As d-Matrix explains, NVIDIA GPUs are not particularly optimised for running inference tasks for LLMs. A lot of GPUs are needed to handle the AI workloads even after training them, and relying on these high-end GPUs just leads to excessive energy consumption. Paying for H100s and A100s for inference tasks is a little excessive and redundant for companies, and they are increasingly looking for alternatives.
This is not Microsoft’s first attempt to build AI chips. According to reports, the company has been developing Athena AI chips since 2019, which the company and OpenAI had secret access to all this while, and was even tested for running GPT-4. Though there is no direct evidence that these chips were made for training AI models, it seems likely that they were just trying to use them for inference tasks.
However, Microsoft is not the first one to do this. Meta, Google, IBM, and Amazon have all been trying to build their own AI chips to possibly stop their reliance on NVIDIA. Interestingly, all of these companies claim that their chips are a lot better than what NVIDIA can do, but in the end still rely on it the next day.
True. Also, many other NN accelerator chips are also under development.

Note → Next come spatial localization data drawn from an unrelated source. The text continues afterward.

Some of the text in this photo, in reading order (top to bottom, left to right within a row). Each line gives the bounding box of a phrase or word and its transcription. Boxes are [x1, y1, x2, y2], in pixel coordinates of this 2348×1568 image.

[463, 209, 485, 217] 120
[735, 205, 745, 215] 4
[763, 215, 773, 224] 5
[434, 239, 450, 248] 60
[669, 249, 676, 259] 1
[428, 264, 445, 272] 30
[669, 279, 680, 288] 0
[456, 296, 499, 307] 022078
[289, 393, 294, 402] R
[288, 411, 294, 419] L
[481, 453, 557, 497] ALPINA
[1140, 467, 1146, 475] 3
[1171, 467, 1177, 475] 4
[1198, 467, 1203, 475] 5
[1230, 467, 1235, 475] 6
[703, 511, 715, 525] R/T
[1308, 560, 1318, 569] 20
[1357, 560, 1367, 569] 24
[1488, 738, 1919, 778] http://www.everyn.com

— Elon Musk (@elonmusk) June 7, 2023
Nvidia will not have a monopoly on large-scale training & inference forever.
According to Elon Musk, a lot of companies are working on AI chips. The only thing is that none of them are actually trying to build an alternative to NVIDIA. There is a new segment of startups that are focused on developing chips for inference. Moreover, Tesla’s Dojo chip is also in the making. There is not enough reason to believe that it would be a competitor to NVIDIA, as Musk has already hoarded thousands of its GPUs for training his own AI model.
NVIDIA is on a different game altogether; it doesn’t care
Ever since 2017, startups have been trying to topple NVIDIA, but failing to make even a dent to it. Startups like Modular, Qyber, MatX, are the latest ones, but even their plans to dethrone NVIDIA AI chips have been diverted to tackling them on the software front, by building alternatives to NVIDIA’s CUDA, the platform for AI computing.

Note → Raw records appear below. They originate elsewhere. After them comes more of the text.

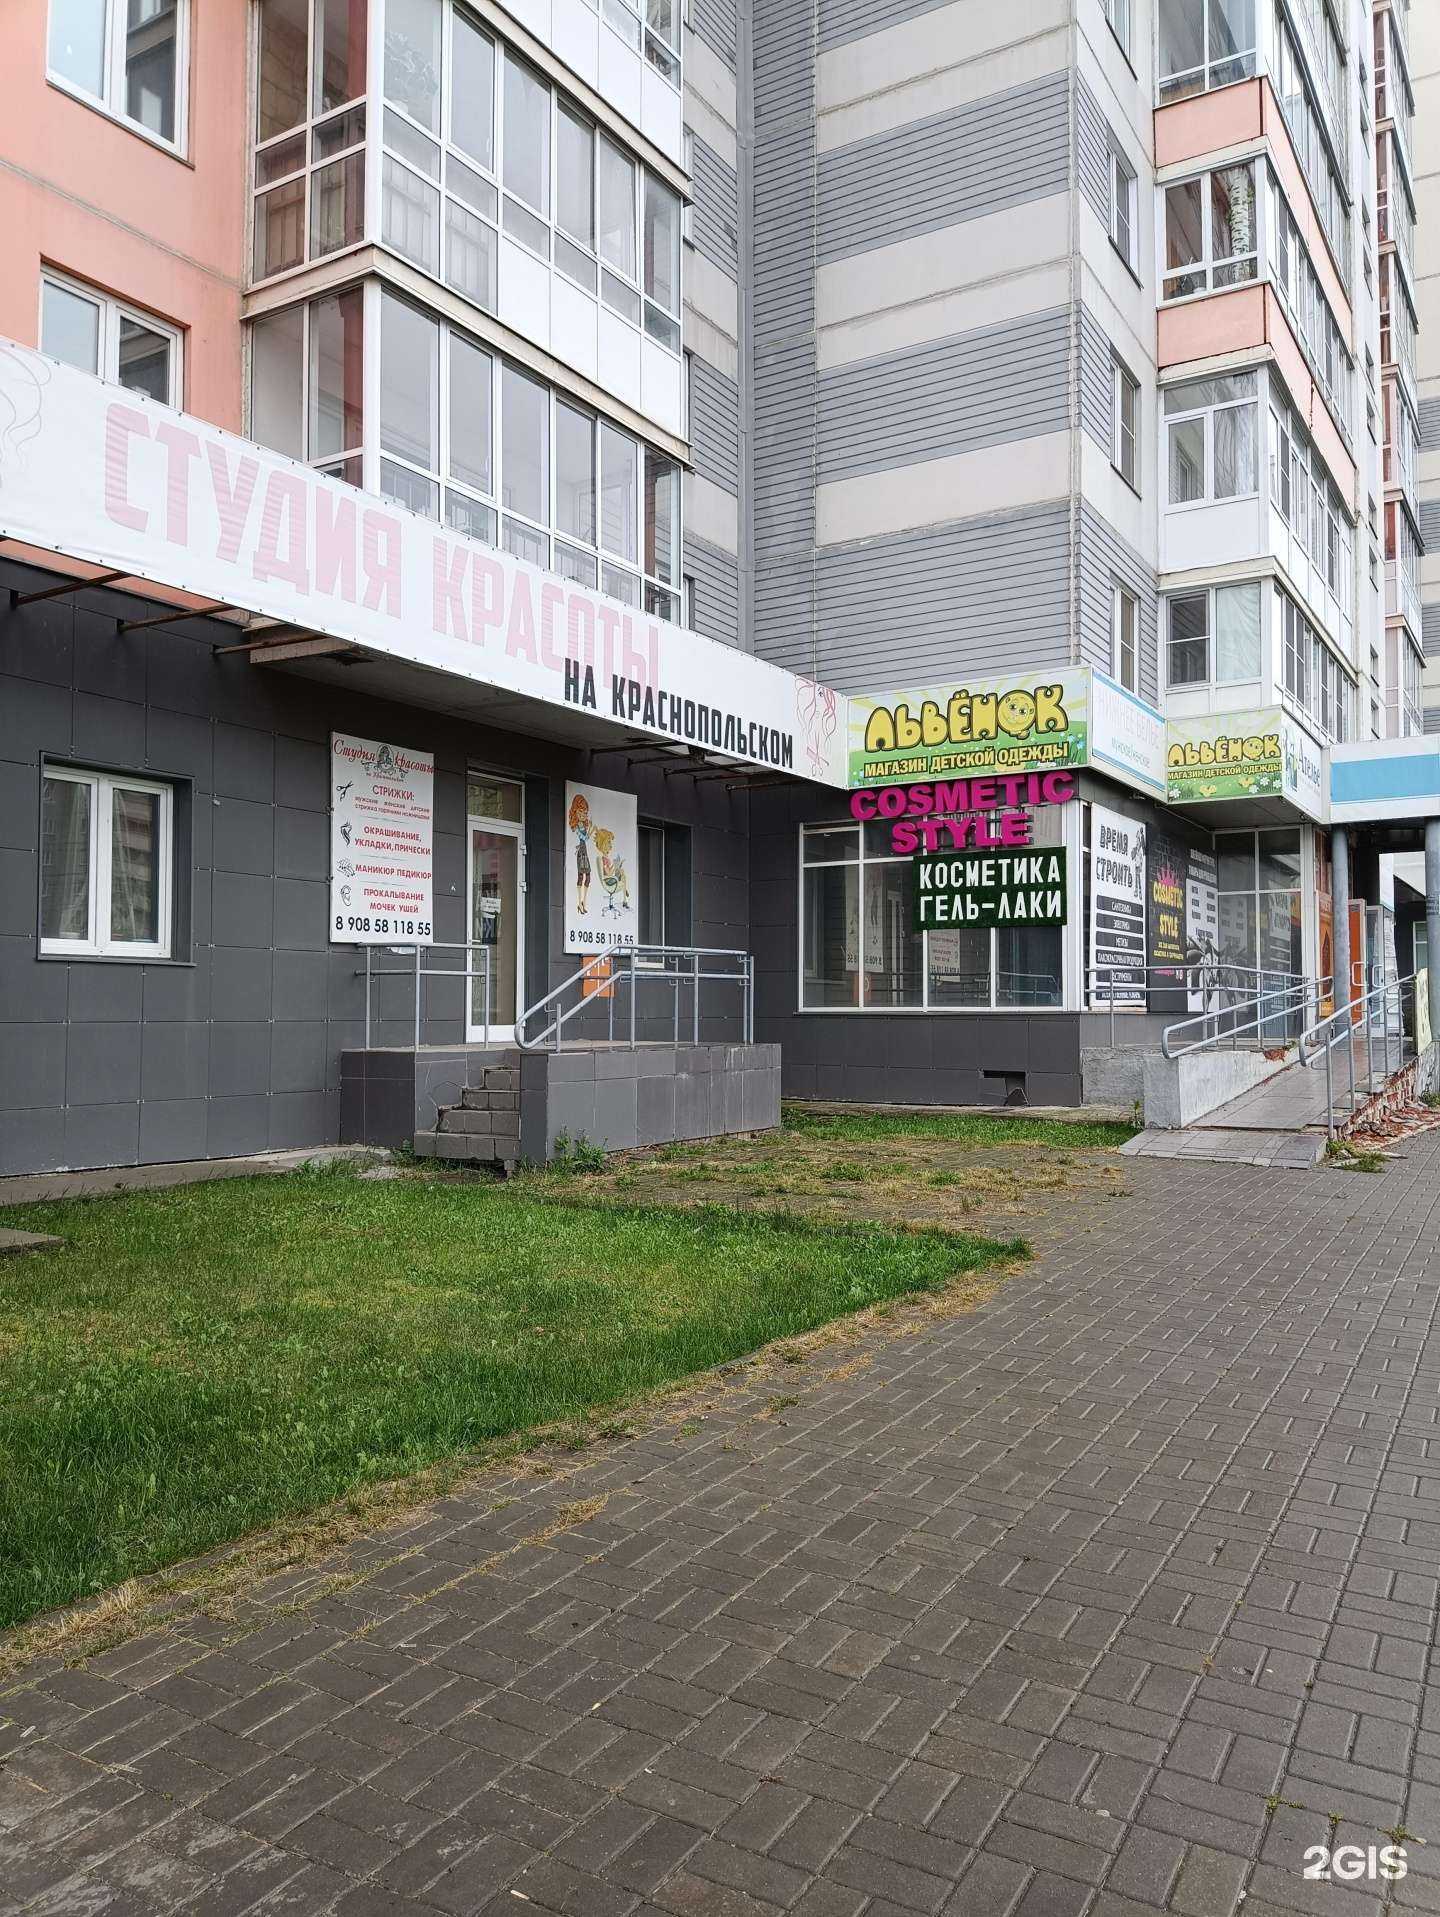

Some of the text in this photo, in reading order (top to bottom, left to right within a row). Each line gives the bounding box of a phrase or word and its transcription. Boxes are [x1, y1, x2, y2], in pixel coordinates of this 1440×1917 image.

[104, 402, 660, 703] СТУДИЯ КРАСОТЫ
[564, 657, 793, 769] НА КРАСНОПОЛЬСКОМ
[865, 684, 1069, 753] ЛЬВЁНОК
[334, 739, 376, 762] Студия
[864, 741, 1069, 778] МАГАЗИН ДЕТСКОЙ ОДЕЖДЫ
[1168, 734, 1281, 767] ЛЬВЁНОК
[1168, 763, 1281, 780] МАГАЗИН ДЕТСКОЙ ОДЕЖДЫ
[372, 785, 415, 801] СТРИЖКИ:
[851, 771, 1075, 820] COSMETIC
[363, 826, 422, 842] ОКРАШИВАНИЕ,
[892, 812, 1030, 853] STYLE
[1100, 824, 1129, 856] ВРЕМЯ
[394, 843, 431, 855] ПРИЧЕСКИ
[355, 864, 432, 880] МАНИКЮР ПЕДИКЮР
[919, 855, 1061, 890] КОСМЕТИКА
[1096, 856, 1133, 888] СТРОИТЬ
[363, 888, 425, 901] ПРОКАЛЫВАНИЕ
[369, 902, 419, 913] МОЧЕК УШЕЙ
[919, 889, 1062, 922] ГЕЛЬ-ЛАКИ
[1153, 881, 1184, 908] COSMETIC
[335, 915, 431, 935] 8 908 58 118 55
[569, 930, 576, 942] 8
[577, 930, 594, 944] 908
[595, 932, 606, 944] 58
[608, 933, 623, 945] 118
[1159, 914, 1179, 938] STYLE

On the other hand, TSMC has said that the shortage of high performance computing (HPC) GPUs might still continue for another 1.5 years. This possibly indicates that NVIDIA might also shift its focus on building less powered GPUs, which means designed for inference and fine-tuning tasks, instead of building models.
Moreover, Microsoft’s investment in d-Matrix hints that the company might be shifting its focus on providing its customers with easier and cheaper inference capabilities, and shifting away from building new models. Even OpenAI’s recent comments about not announcing GPT-5 until November may be saying that they are done with building new models at the moment.
Regardless of all of this, NVIDIA through its DGX Cloud has been offering inference capabilities. But given the price point, NVIDIA might try to drop the price of its server given no one is actually able to compete with them, and continue the monopoly. Moreover, the upcoming L40 GPU is also focused on being a power-efficient inference GPUs. It is clear that the trillion-dollar company knows what it is doing.
To quote NVIDIA chief Jensen Huang on GPU shortage and competition around who gets how much in Silicon Valley, “There’s more, come get them. Everybody should win.” But for the moment, NVIDIA is going to continue its winning streak, even if Microsoft tries to go around it. There is definitely more coming up from NVIDIA, we just have to wait.